Report Abuse

Stats

Comment

Syarah Hadits Arbain Nawawi Ke 30 Dan Terjemahannya Perihal Perkara Perintah Dan Larangan

Post a Comment

Syarah Hadits Arbain Nawawi Ke 30 dan Terjemahannya Tentang Perkara Perintah dan Larangan


الحديث الثلاثون
عن أبي ثعلبة الخشني جرثوم بن ناشر – رضي الله عنه – عن رسول الله صلى الله علية وسلم قال : " إن الله تعالى فرض فرائض فلا تضيعوها،وحد حدودا فلا تعتدوها، وحرم أشياء فلا تنتهكوها ، وسكت عن أشياء رحمة لكم غير نسيان فلا تبحثوا عنها ". حديث حسن رواه الدارقطني وغيره

Terjemahan:
Dari Abu Tsa’labah Al Khusyani, jurtsum bin Nasyir radhiallahu 'anhu, dari Rasulullah Shallallahu ‘alaihi wa Sallam, dia telah bersabda : “ Sesungguhnya Allah ta’ala telah mewajibkan beberapa perkara, maka janganlah kau meninggalkannya dan telah tetapkan beberapa batas, maka janganlah kau melampauinya dan telah mengharamkan beberapa kasus maka janganlah kau melanggarnya dan Dia telah mendiamkan beberapa kasus sebagai rahmat bagimu bukan lantaran lupa, maka janganlah kau membicarakannya”. (HR. Daraquthni, Hadits hasan)
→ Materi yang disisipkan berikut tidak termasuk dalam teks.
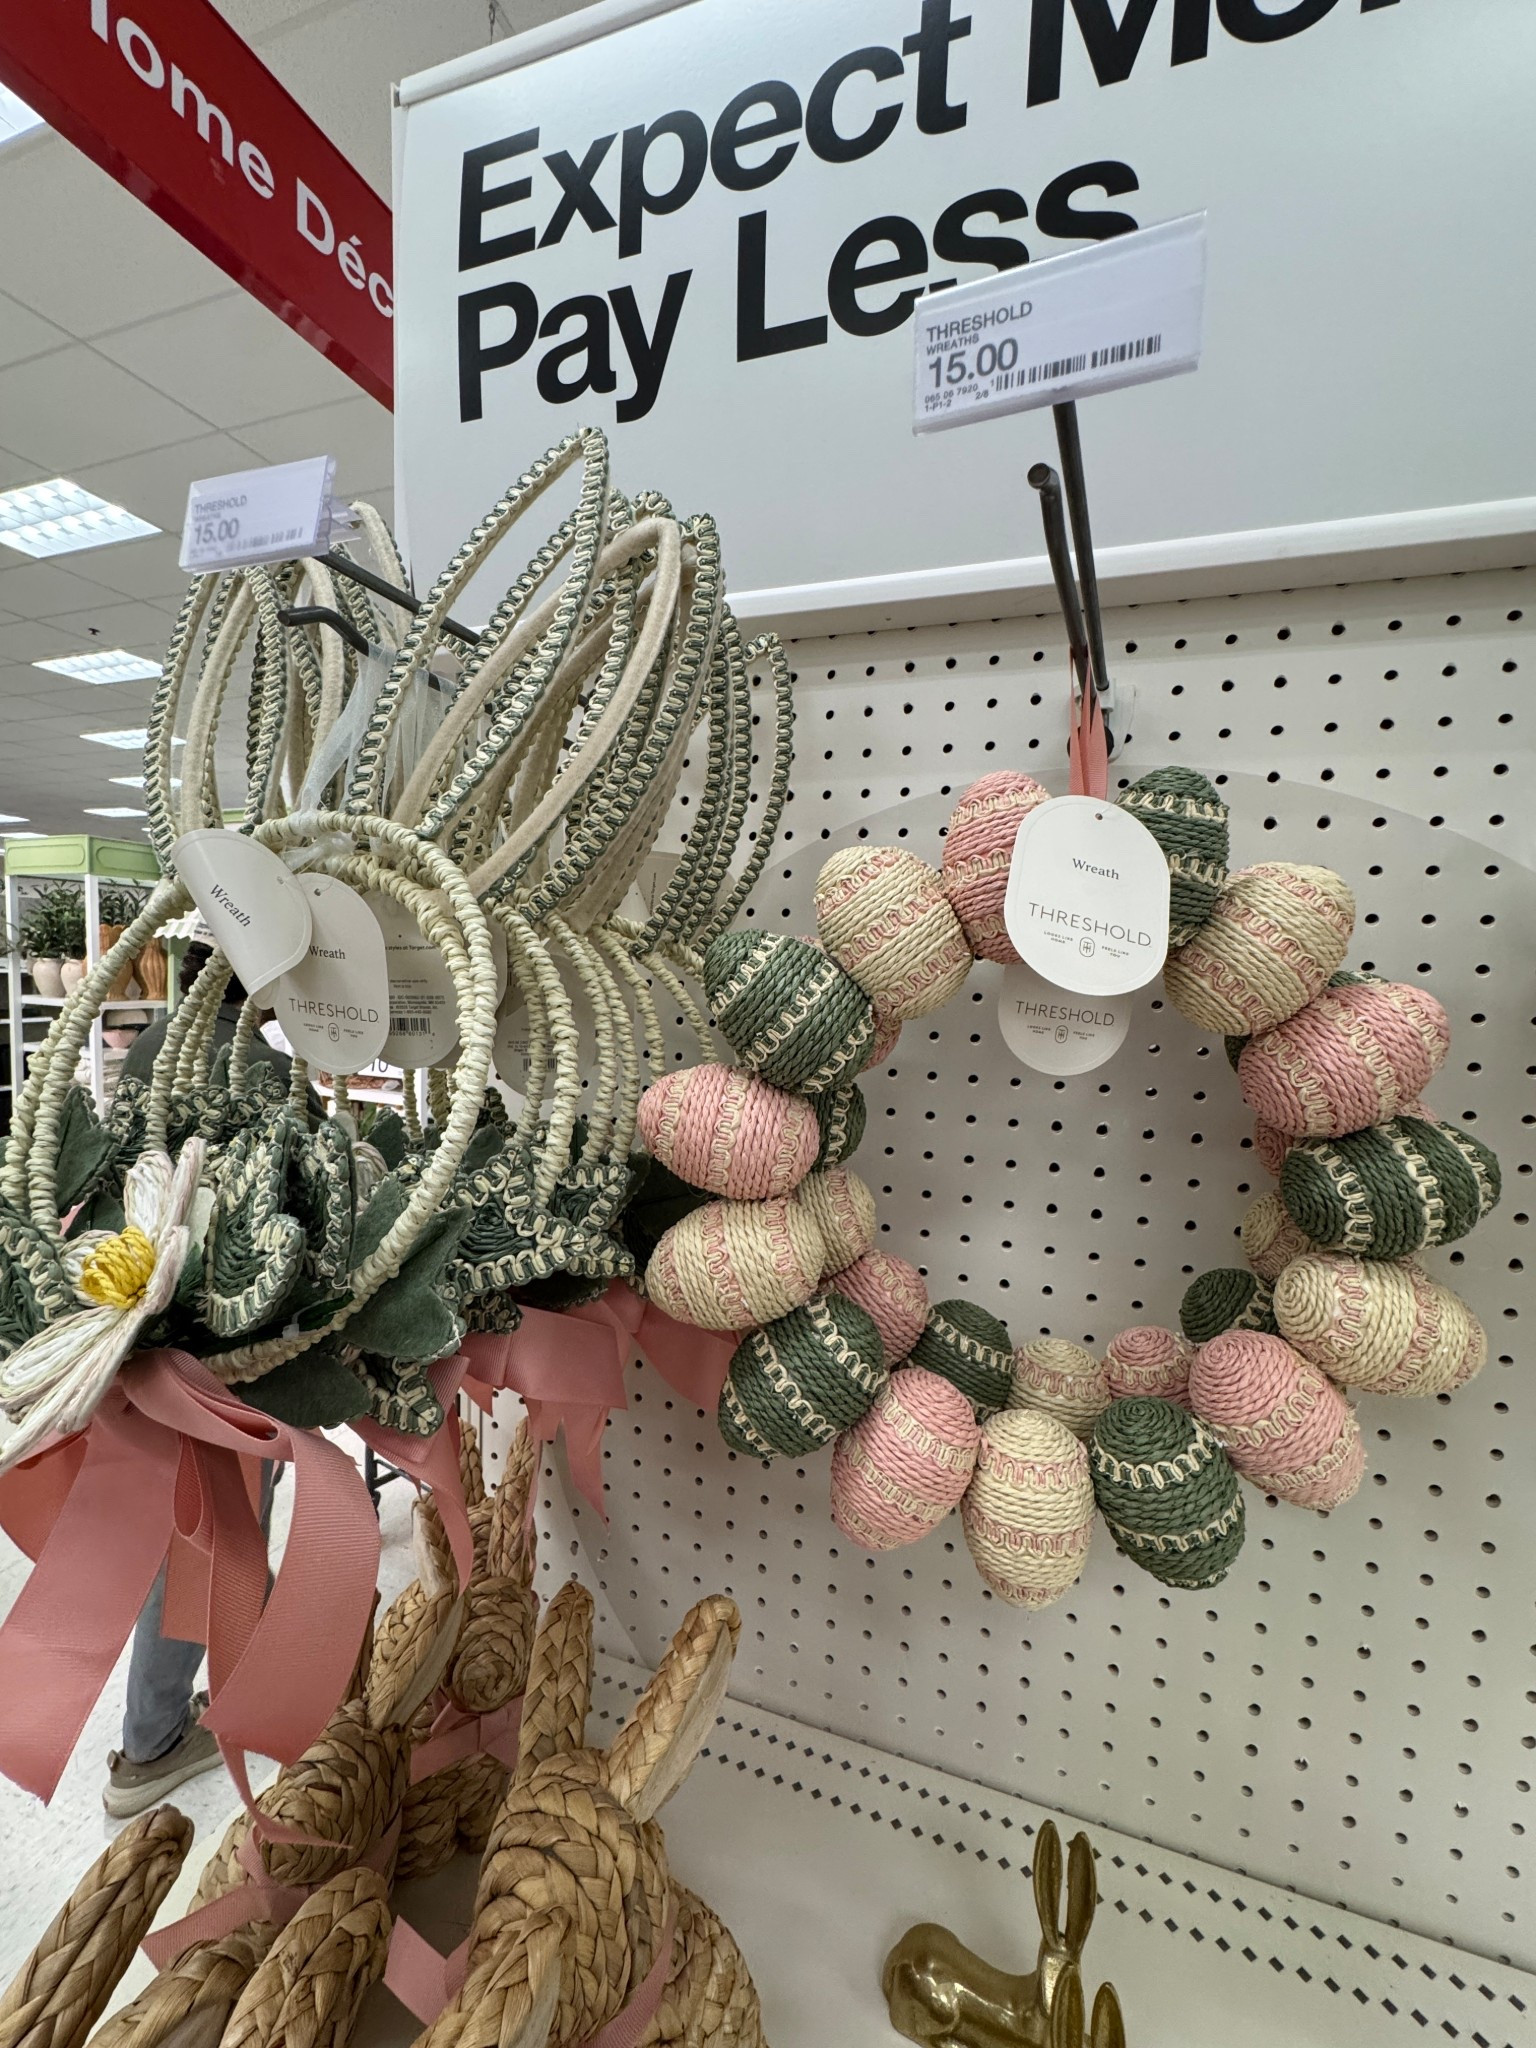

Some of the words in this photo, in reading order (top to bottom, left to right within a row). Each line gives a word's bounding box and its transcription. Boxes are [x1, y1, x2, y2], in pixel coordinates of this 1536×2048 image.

[459, 0, 973, 272] Expect
[459, 269, 693, 423] Pay
[737, 160, 1140, 362] Less
[926, 301, 1033, 343] THRESHOLD
[926, 334, 980, 356] WREATHS
[928, 337, 1019, 389] 15.00
[194, 494, 247, 513] THRESHOLD
[194, 517, 240, 546] 15.00
[1072, 858, 1120, 880] Wreath
[209, 884, 251, 928] Wreath
[1029, 902, 1152, 947] THRESHOLD
[309, 945, 346, 960] Wreath
[288, 997, 379, 1023] THRESHOLD
[1016, 1000, 1115, 1026] THRESHOLD
[Daruquthni dalam Sunannya no. 4/184]
 dan Terjemahannya Tentang Perkara Perintah dan Larangan Syarah Hadits Arbain Nawawi Ke 30 dan Terjemahannya Tentang Perkara Perintah dan Larangan

Penjelasan:

Larangan membicarakan hal-hal yang didiamkan oleh Allah sejalan dengan sabda Nabi Shallallahu ‘alaihi wa Sallam :
“Biarkanlah saya dengan apa yang telah saya biarkan kepada kau sekalian, lantaran sebenarnya hancurnya umat sebelum kau disebabkan mereka banyak bertanya dan menyalahi nabi-nabi mereka”.
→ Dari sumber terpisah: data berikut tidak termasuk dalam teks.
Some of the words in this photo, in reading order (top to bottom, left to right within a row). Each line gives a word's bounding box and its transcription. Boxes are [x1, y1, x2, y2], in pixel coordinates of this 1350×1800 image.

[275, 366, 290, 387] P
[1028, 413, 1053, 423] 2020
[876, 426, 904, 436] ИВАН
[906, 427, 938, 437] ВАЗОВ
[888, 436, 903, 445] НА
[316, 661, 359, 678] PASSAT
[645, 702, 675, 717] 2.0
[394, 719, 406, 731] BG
Sebagian ulama berkata : “Bani Israil dahulu banyak bertanya, kemudian diberi balasan dan mereka diberi apa yang menjadi impian mereka, hingga hal itu menjadi fitnah bagi mereka , lantaran itulah mereka menjadi binasa. Para sobat Nabi Shallallahu ‘alaihi wa Sallam memahami hal tersebut dan menahan diri untuk tidak bertanya kecuali hal-hal yang sangat penting. Mereka heran menyaksikan orang-orang Arab gunung bertanya kepada Rasulullah Shallallahu ‘alaihi wa Sallam, kemudian mereka mendengarkan jawabannya dan memperhatikannya dengan seksama.
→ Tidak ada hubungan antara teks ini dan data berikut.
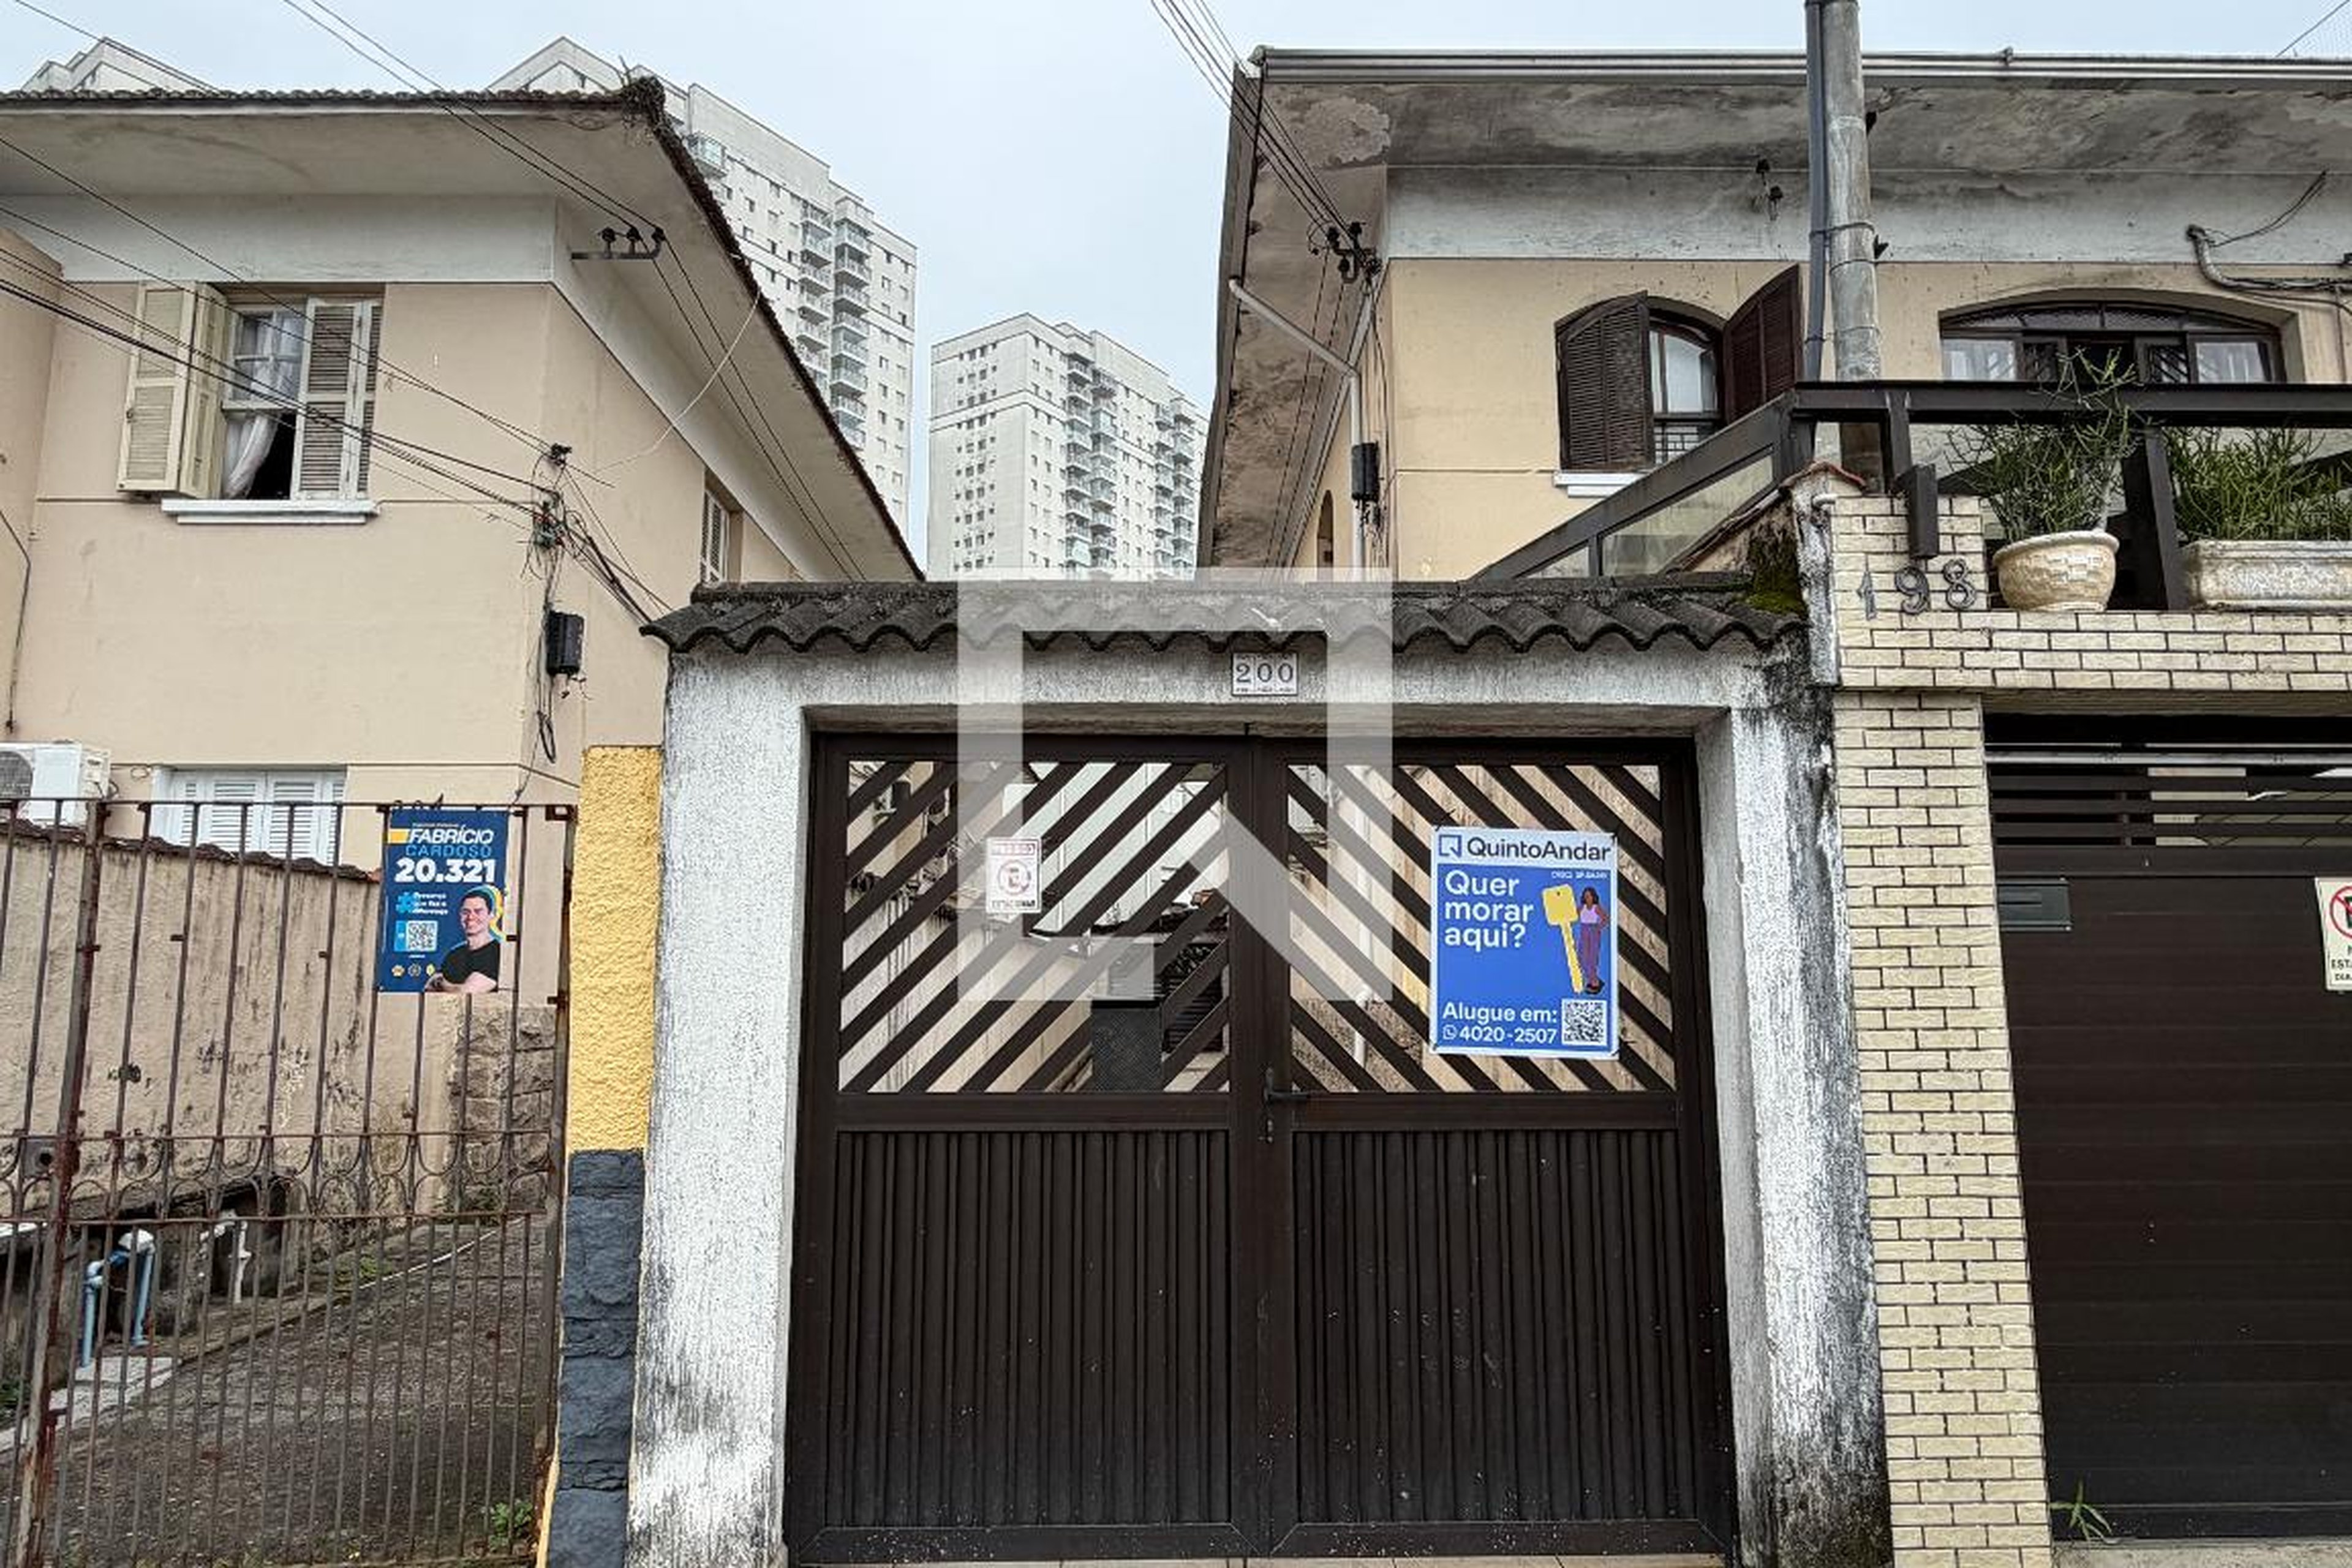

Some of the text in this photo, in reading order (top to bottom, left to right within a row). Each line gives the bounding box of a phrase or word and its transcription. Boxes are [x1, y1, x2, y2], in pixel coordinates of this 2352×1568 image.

[1856, 559, 1977, 621] 198
[1236, 663, 1294, 683] 200
[409, 824, 494, 843] FABRÍCIO
[405, 844, 492, 858] CARDOSO
[1467, 837, 1611, 861] QuintoAndar
[394, 858, 496, 883] 20.321
[1444, 870, 1520, 896] Quer
[1444, 900, 1534, 922] morar
[1444, 922, 1526, 952] aqui?
[1442, 1001, 1558, 1025] Alugue em:
[1459, 1026, 1558, 1044] 4020-2507
Ada suatu kaum yang sikapnya berlebih-lebihan, hingga mereka berkata : “Tidak boleh bertanya kepada ulama mengenai suatu masalah hingga masalah tersebut benar-benar terjadi”. Ulama salaf ada juga yang beropini menyerupai itu. Mereka berkata : “Biarkanlah suatu persoalan hingga benar-benar telah terjadi”. Akan tetapi, saat para ulama merasa khawatir ilmu agama ini lenyap, maka mereka kemudian membahas masalah-masalah ushul (pokok), menguraikan masalah-masalah furu’ (cabang), memperluas dan menjelaskan aneka macam hal.

Para ulama berselisih pendapat dalam banyak kasus yang agama belum tetapkan hukumnya. Apakah kasus tersebut termasuk yang haram atau mubah atau didiamkan. Ada tiga pendapat dalam hal ini, dan semuanya itu dibicarakan dalam kitab-kitab Ushul.